Coinlab files suit against MtGox - fnordfnordfnord
http://www.scribd.com/doc/139160091/Coinlab-v-Mt-Gox

======
oscilloscope
Coinlab released statement on their site about the suit.

<http://coinlab.com/status-5-2>

Full text:

I have more news on the Mt. Gox transition. Today, CoinLab regretfully filed a
formal complaint in Federal Court against Mt. Gox.

In the last month, many of you have contacted me directly and asked for more
details on our transition, and I would say (charitably) that I've been
frustratingly vague -- I just haven't been able to talk about it.

I'm going to take this chance to talk about it. I'm not here to complain, our
filing contains and accurate summary of events, but I want to talk about what
I see as most important for Bitcoin right now.
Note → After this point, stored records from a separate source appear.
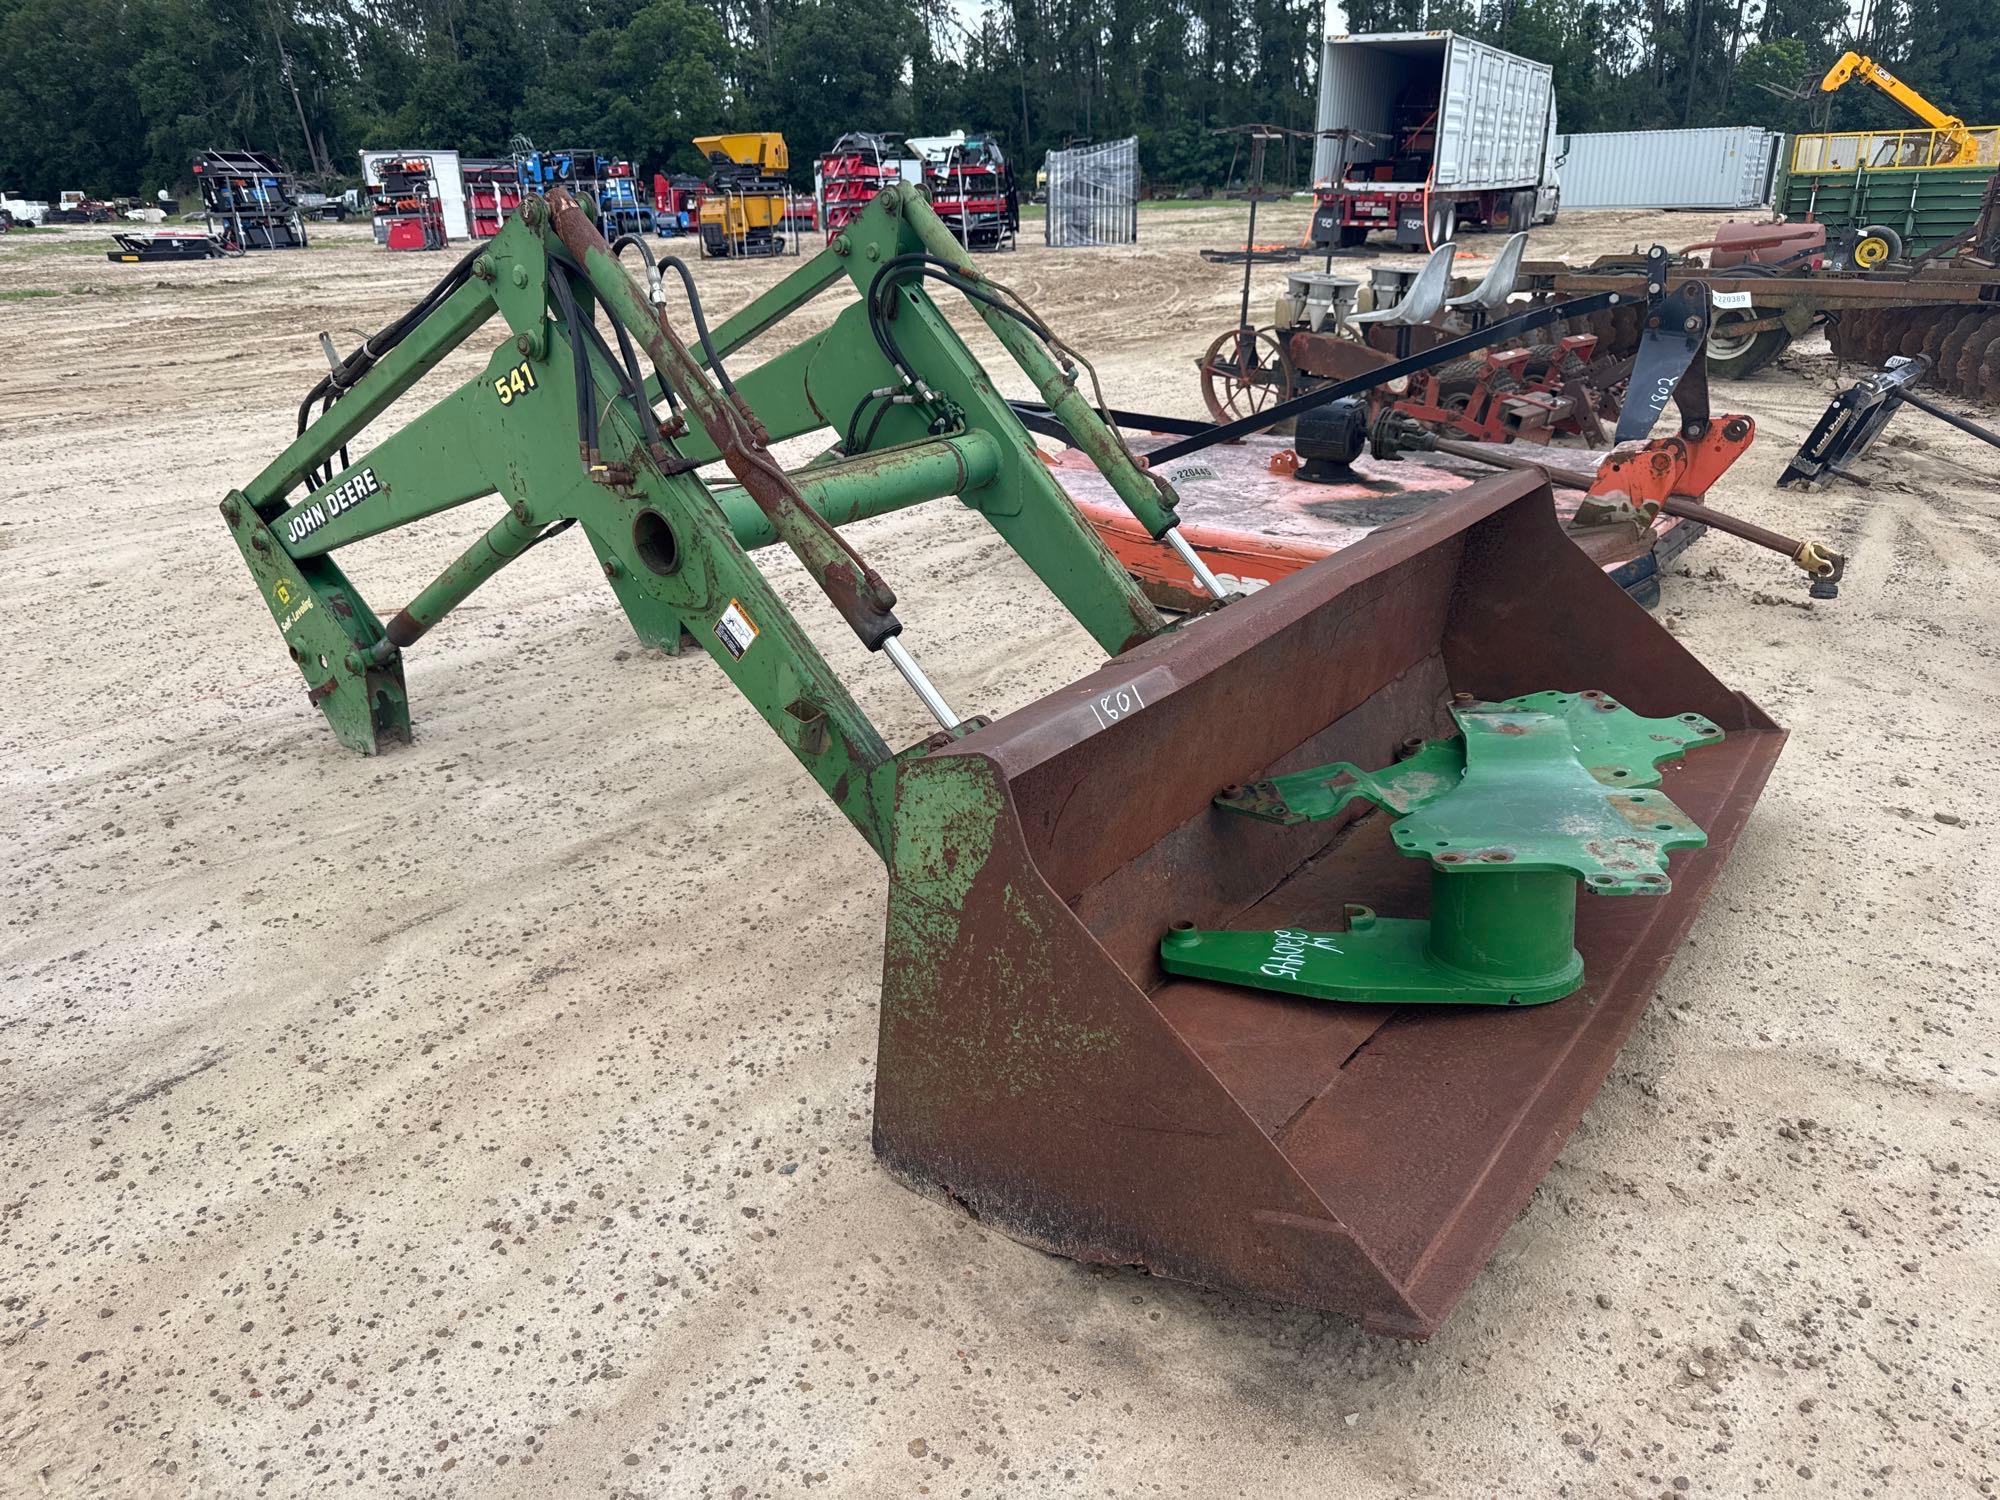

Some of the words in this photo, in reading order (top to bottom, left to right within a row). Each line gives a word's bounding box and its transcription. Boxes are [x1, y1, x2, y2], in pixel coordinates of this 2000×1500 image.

[1875, 67, 1891, 81] JCB
[494, 361, 536, 405] 541
[1649, 376, 1679, 411] 1802
[1176, 467, 1212, 479] 220445
[287, 501, 327, 543] JOHN
[325, 467, 379, 517] DEERE
[1090, 684, 1145, 730] 1801
Bitcoiners have, on average, lost more money due to technology difficulties,
frozen / lost banking relationships and shady characters like pirateat40 than
due to any part of Bitcoin's fundamental economics. I hate this fact,
passionately. I have a vision in which high quality service and technology and
ethics can be delivered to you, me, my kids, everyone who has a stake in
Bitcoin.

It is my goal for CoinLab that we provide fundamental infrastructure to
minimize these risks for everyone in our space, and I do mean everyone; from
those on the Bitcoin Forums who dislike and distrust me personally, to the mom
and pop cupcake makers in San Francisco, to my daughter who recently sold some
knit products for .01BTC.

While I was willing to take a two year restriction on our venue (US and Canada
only for two years was part of our contract), I have for a number of years now
wanted to make sure that Bitcoin is properly situated for everyone's good.
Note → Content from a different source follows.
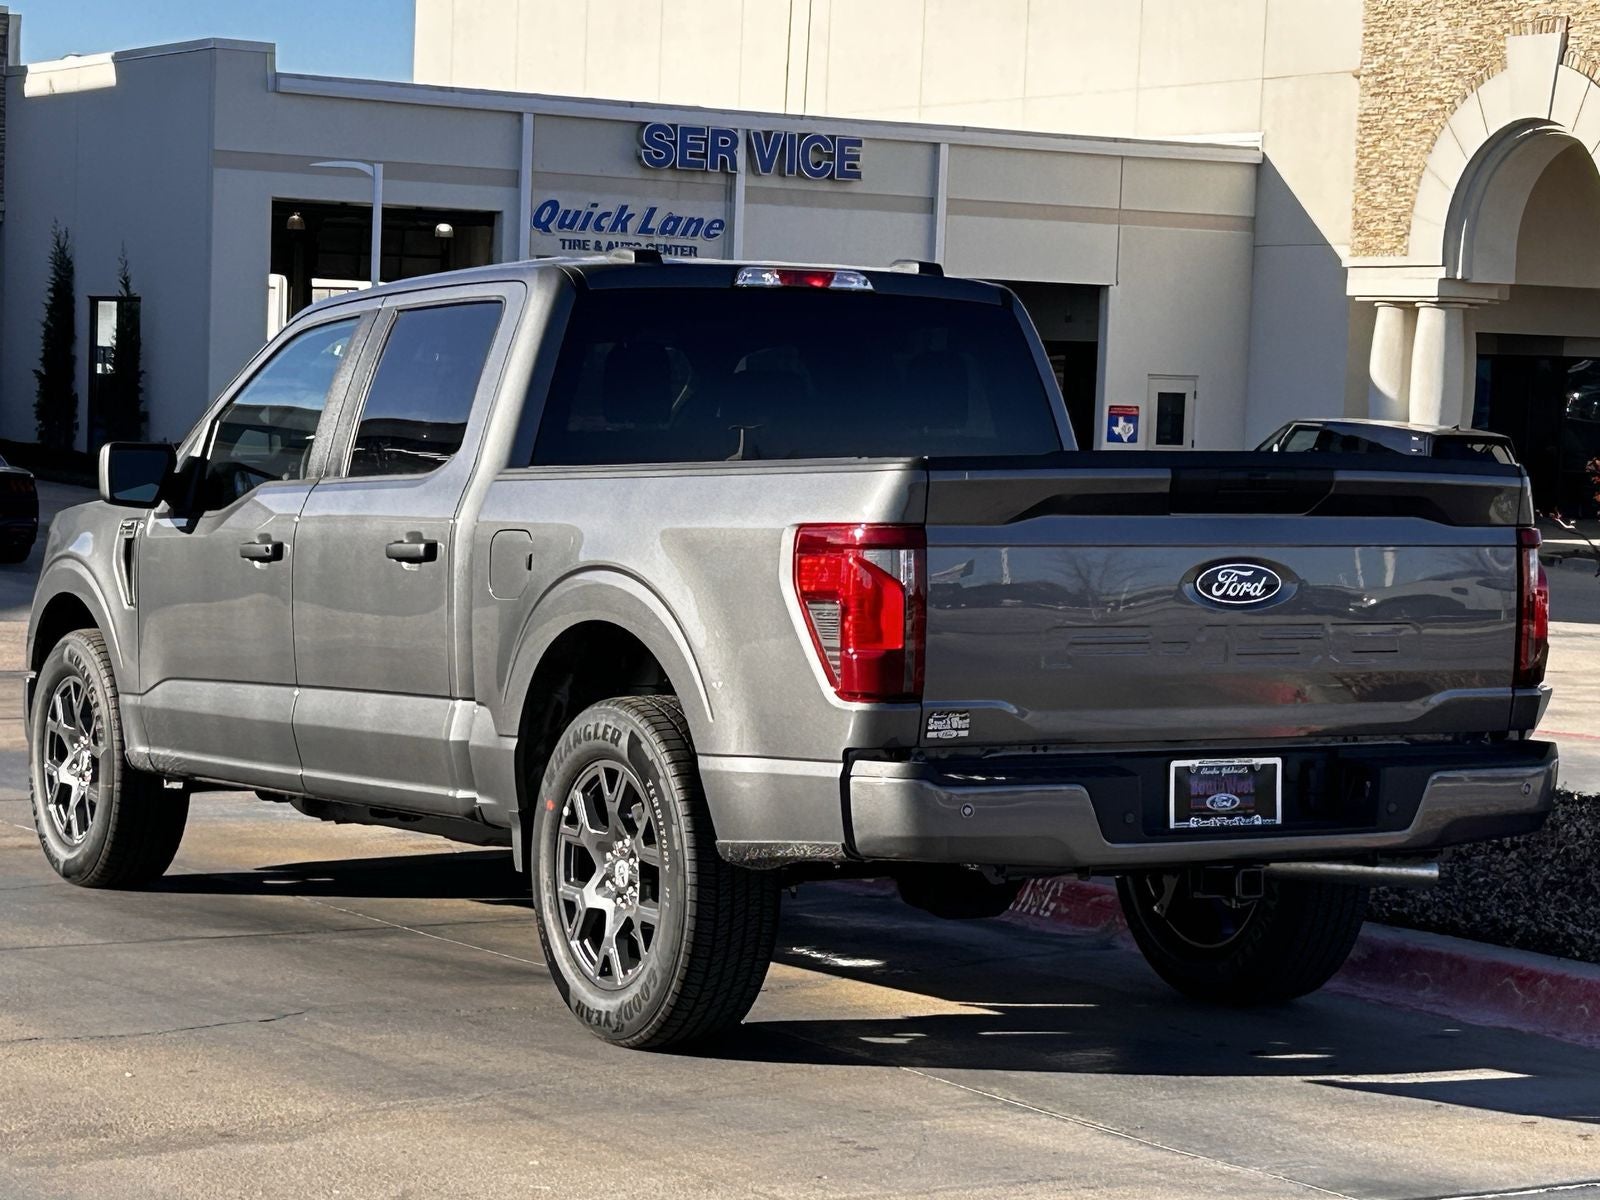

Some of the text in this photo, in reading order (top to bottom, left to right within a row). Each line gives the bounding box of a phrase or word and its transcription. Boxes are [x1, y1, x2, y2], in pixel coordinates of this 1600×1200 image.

[531, 198, 726, 241] Quick Lane
[559, 238, 591, 251] TIRE
[594, 240, 603, 252] &
[1211, 568, 1268, 597] Ford
When we spun up our initial alpha customers, they included companies that from
one perspective could reasonably be deemed to be our competitors, some of the
best companies in our space. We worked extremely hard to provide them great
service, because I want to build our ecosystem; I want a robust economy and a
broad base of service and product for everyone.

What tipped us into filing was our complete inability to get Mt. Gox to
deliver on the few simple things left that were needed for customers to move
over en-masse; we were often left just apologizing to our alpha customers
while their own businesses suffered. I'm just not willing to put any of our
customers in that position -- if we can't do a good job for you, I won't
promise that we can.

What I hope is that Mt. Gox has this same interest in the good of Bitcoin, and
Bitcoiners, and finds a way to work this out.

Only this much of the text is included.